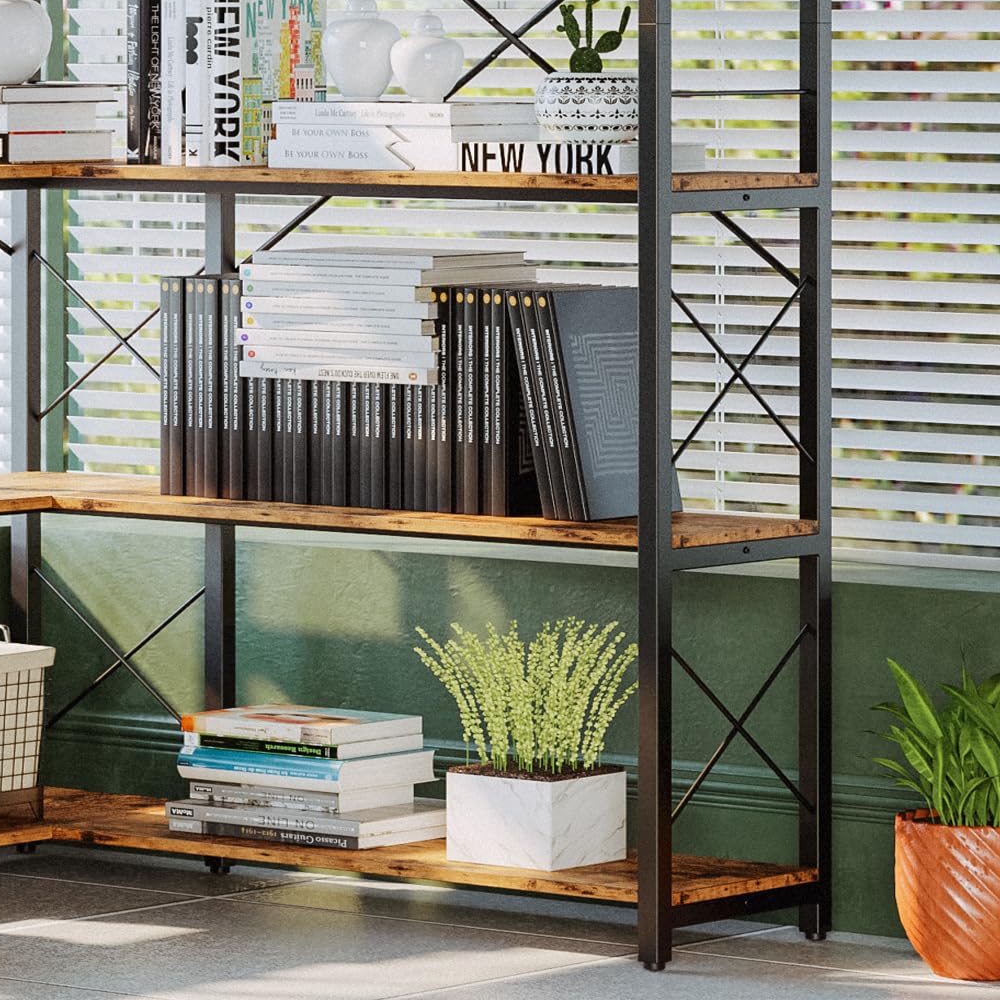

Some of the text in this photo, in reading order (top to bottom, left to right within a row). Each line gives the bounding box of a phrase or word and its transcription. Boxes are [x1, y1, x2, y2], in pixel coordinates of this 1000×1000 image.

[151, 4, 160, 24] THE
[151, 26, 160, 56] LIGHT
[151, 57, 160, 71] OF
[150, 73, 160, 98] NEW
[151, 99, 160, 129] YORK
[214, 70, 240, 162] YORK
[292, 128, 300, 136] BE
[350, 129, 369, 137] BOSS
[284, 150, 368, 159] BE YOUR OWN BOSS
[462, 143, 614, 175] NEW YORK
[524, 376, 533, 408] COMPLETE
[530, 409, 539, 446] COLLECTION
[539, 377, 548, 409] COMPLETE
[545, 410, 554, 447] COLLECTION
[553, 378, 562, 409] COMPLETE
[560, 411, 569, 448] COLLECTION
[265, 744, 322, 756] Design Research
[171, 808, 192, 817] MoMA
[258, 815, 289, 826] LINE
[295, 819, 315, 830] ON
[280, 832, 314, 844] Guitars
[316, 836, 348, 849] Picasso
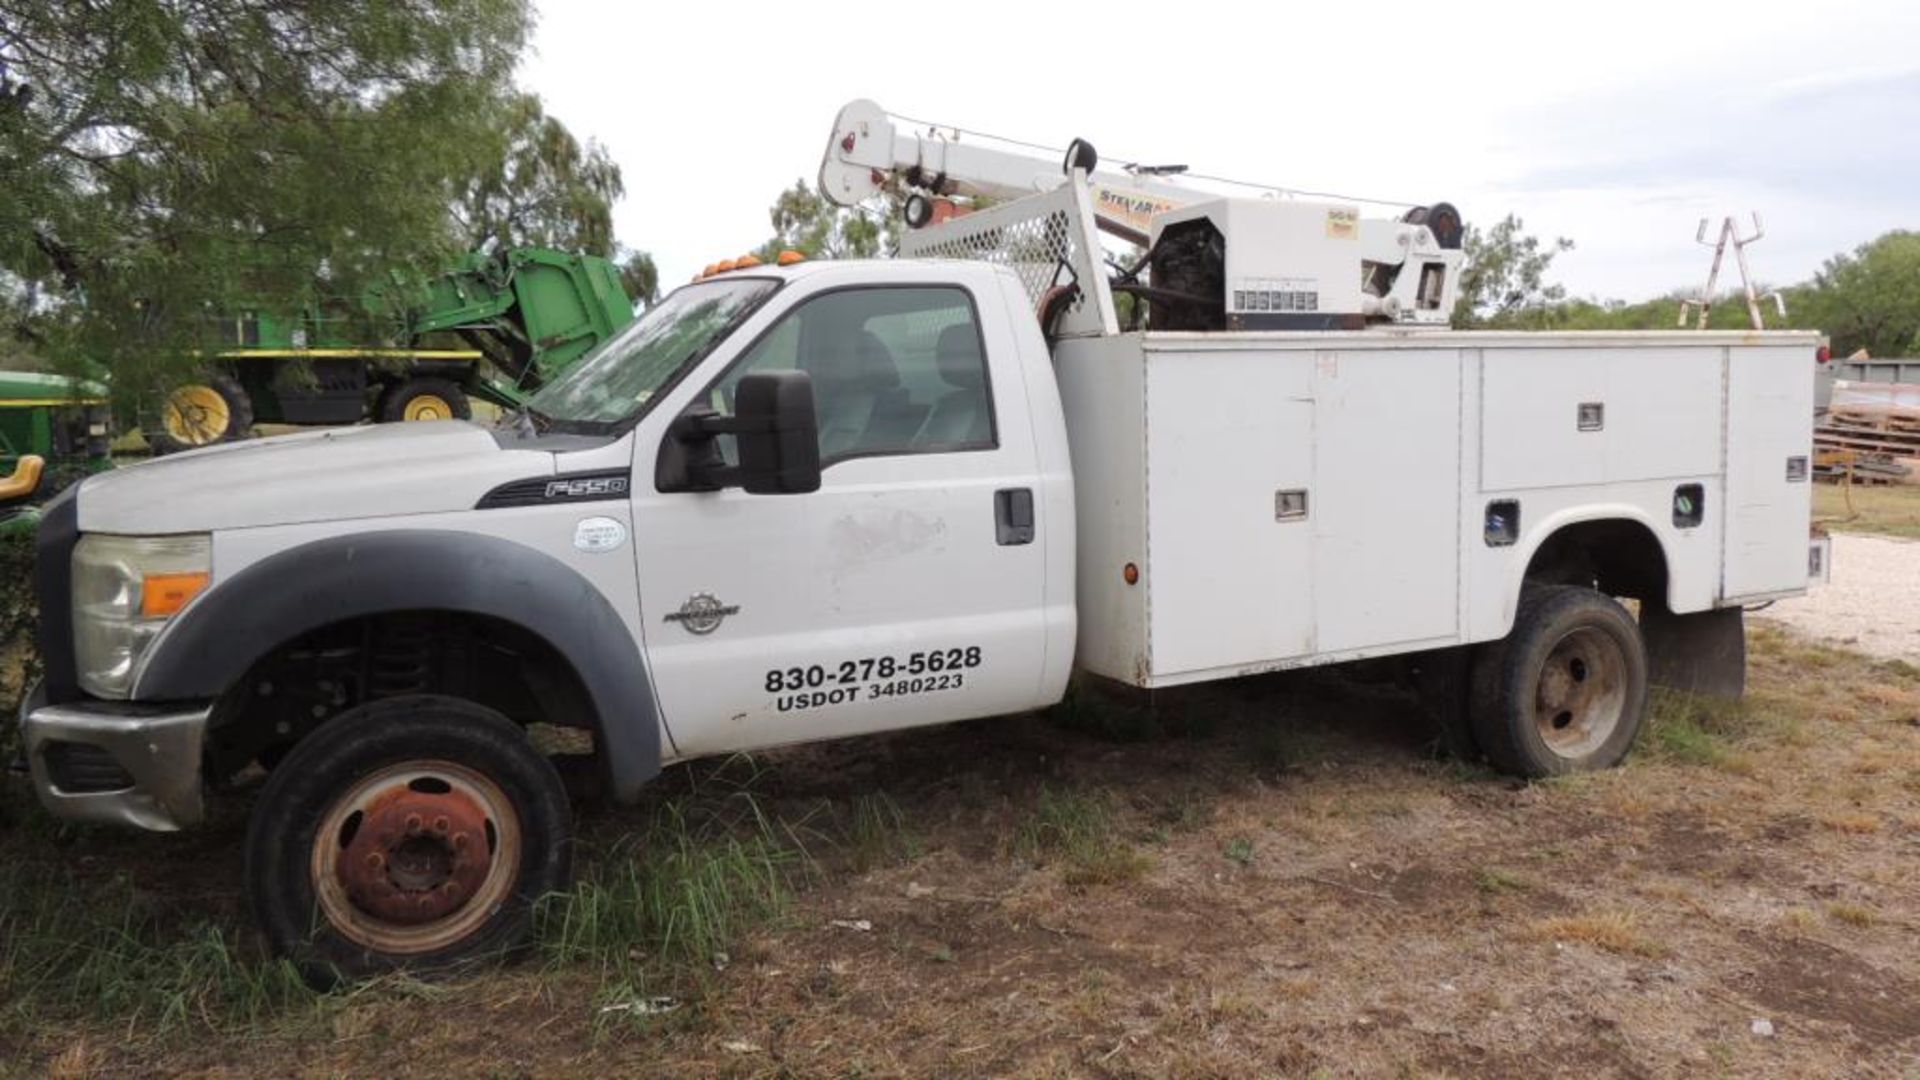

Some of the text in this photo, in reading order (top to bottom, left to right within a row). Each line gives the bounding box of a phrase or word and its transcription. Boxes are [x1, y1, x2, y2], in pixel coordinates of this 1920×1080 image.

[765, 646, 982, 693] 830-278-5628
[777, 674, 963, 712] USDOT 3480223
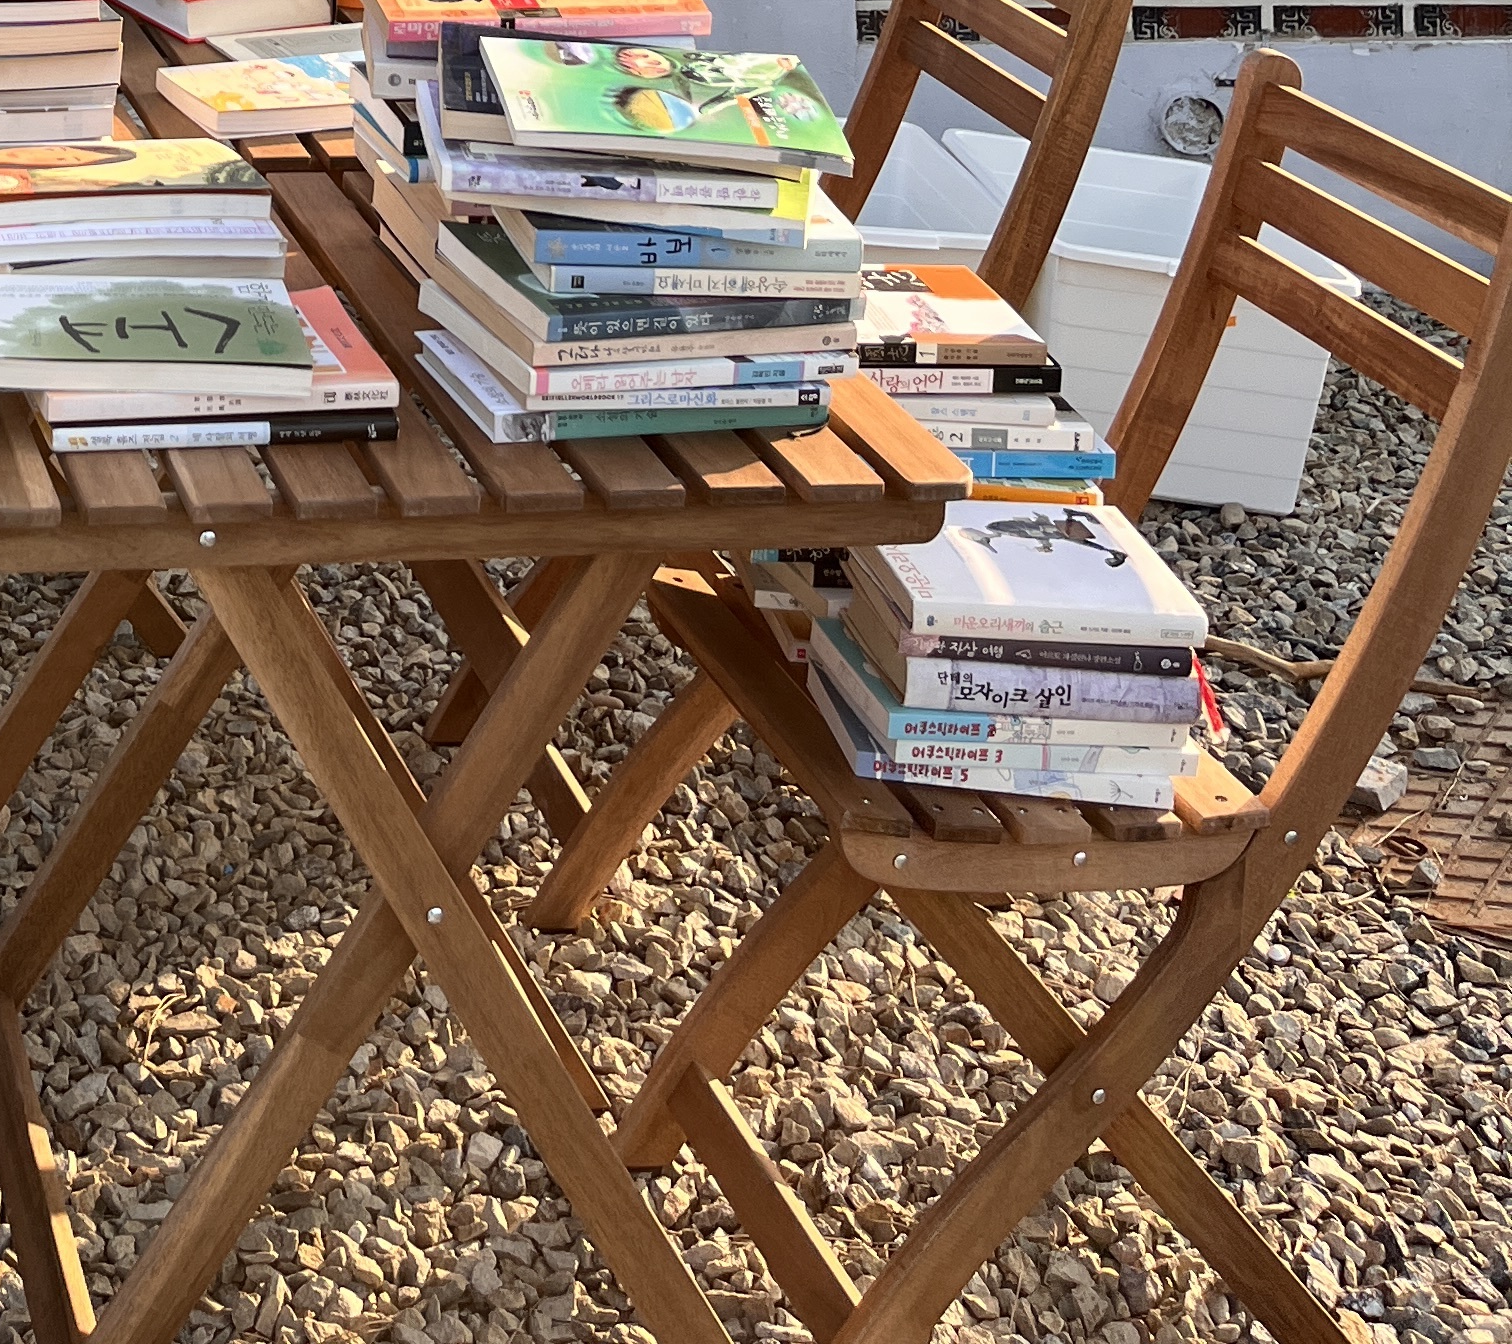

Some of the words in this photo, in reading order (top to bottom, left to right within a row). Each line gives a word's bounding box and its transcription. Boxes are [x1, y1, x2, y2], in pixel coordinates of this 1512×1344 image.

[638, 236, 692, 264] 바보
[573, 320, 603, 335] 뜻이
[606, 317, 650, 334] 있으면
[653, 315, 682, 330] 길이
[685, 311, 713, 328] 있다
[912, 370, 944, 392] 언어
[626, 391, 719, 407] 그리스로마신화
[948, 641, 979, 658] 자살
[982, 646, 1004, 660] 여행
[937, 670, 974, 686] 단테의
[954, 683, 1029, 709] 모자이크
[1035, 684, 1073, 709] 살인
[904, 720, 981, 737] 어쿠스틱라이프
[911, 745, 989, 762] 어쿠스틱라이프
[994, 748, 1004, 763] 3
[960, 768, 969, 783] 5

#### [Brief]
Every record above must reappear exactly in the answer, minus its pictures.

#### [Exercise output]
Some of the text in this photo, in reading order (top to bottom, left to right within a row). Each line gives the bounding box of a phrase or word and its transcription. Boxes are [x1, y1, x2, y2], in pixel coordinates of this 1000×1000 image.

[151, 4, 160, 24] THE
[151, 26, 160, 56] LIGHT
[151, 57, 160, 71] OF
[150, 73, 160, 98] NEW
[151, 99, 160, 129] YORK
[214, 70, 240, 162] YORK
[292, 128, 300, 136] BE
[350, 129, 369, 137] BOSS
[284, 150, 368, 159] BE YOUR OWN BOSS
[462, 143, 614, 175] NEW YORK
[524, 376, 533, 408] COMPLETE
[530, 409, 539, 446] COLLECTION
[539, 377, 548, 409] COMPLETE
[545, 410, 554, 447] COLLECTION
[553, 378, 562, 409] COMPLETE
[560, 411, 569, 448] COLLECTION
[265, 744, 322, 756] Design Research
[171, 808, 192, 817] MoMA
[258, 815, 289, 826] LINE
[295, 819, 315, 830] ON
[280, 832, 314, 844] Guitars
[316, 836, 348, 849] Picasso

Some of the text in this photo, in reading order (top to bottom, left to right within a row). Each line gives the bounding box of a phrase or word and its transcription. Boxes are [x1, y1, x2, y2], in pixel coordinates of this 1920×1080 image.

[765, 646, 982, 693] 830-278-5628
[777, 674, 963, 712] USDOT 3480223

Some of the words in this photo, in reading order (top to bottom, left to right within a row). Each line gives a word's bounding box and its transcription. Boxes are [x1, y1, x2, y2], in pixel coordinates of this 1512×1344 image.

[638, 236, 692, 264] 바보
[573, 320, 603, 335] 뜻이
[606, 317, 650, 334] 있으면
[653, 315, 682, 330] 길이
[685, 311, 713, 328] 있다
[912, 370, 944, 392] 언어
[626, 391, 719, 407] 그리스로마신화
[948, 641, 979, 658] 자살
[982, 646, 1004, 660] 여행
[937, 670, 974, 686] 단테의
[954, 683, 1029, 709] 모자이크
[1035, 684, 1073, 709] 살인
[904, 720, 981, 737] 어쿠스틱라이프
[911, 745, 989, 762] 어쿠스틱라이프
[994, 748, 1004, 763] 3
[960, 768, 969, 783] 5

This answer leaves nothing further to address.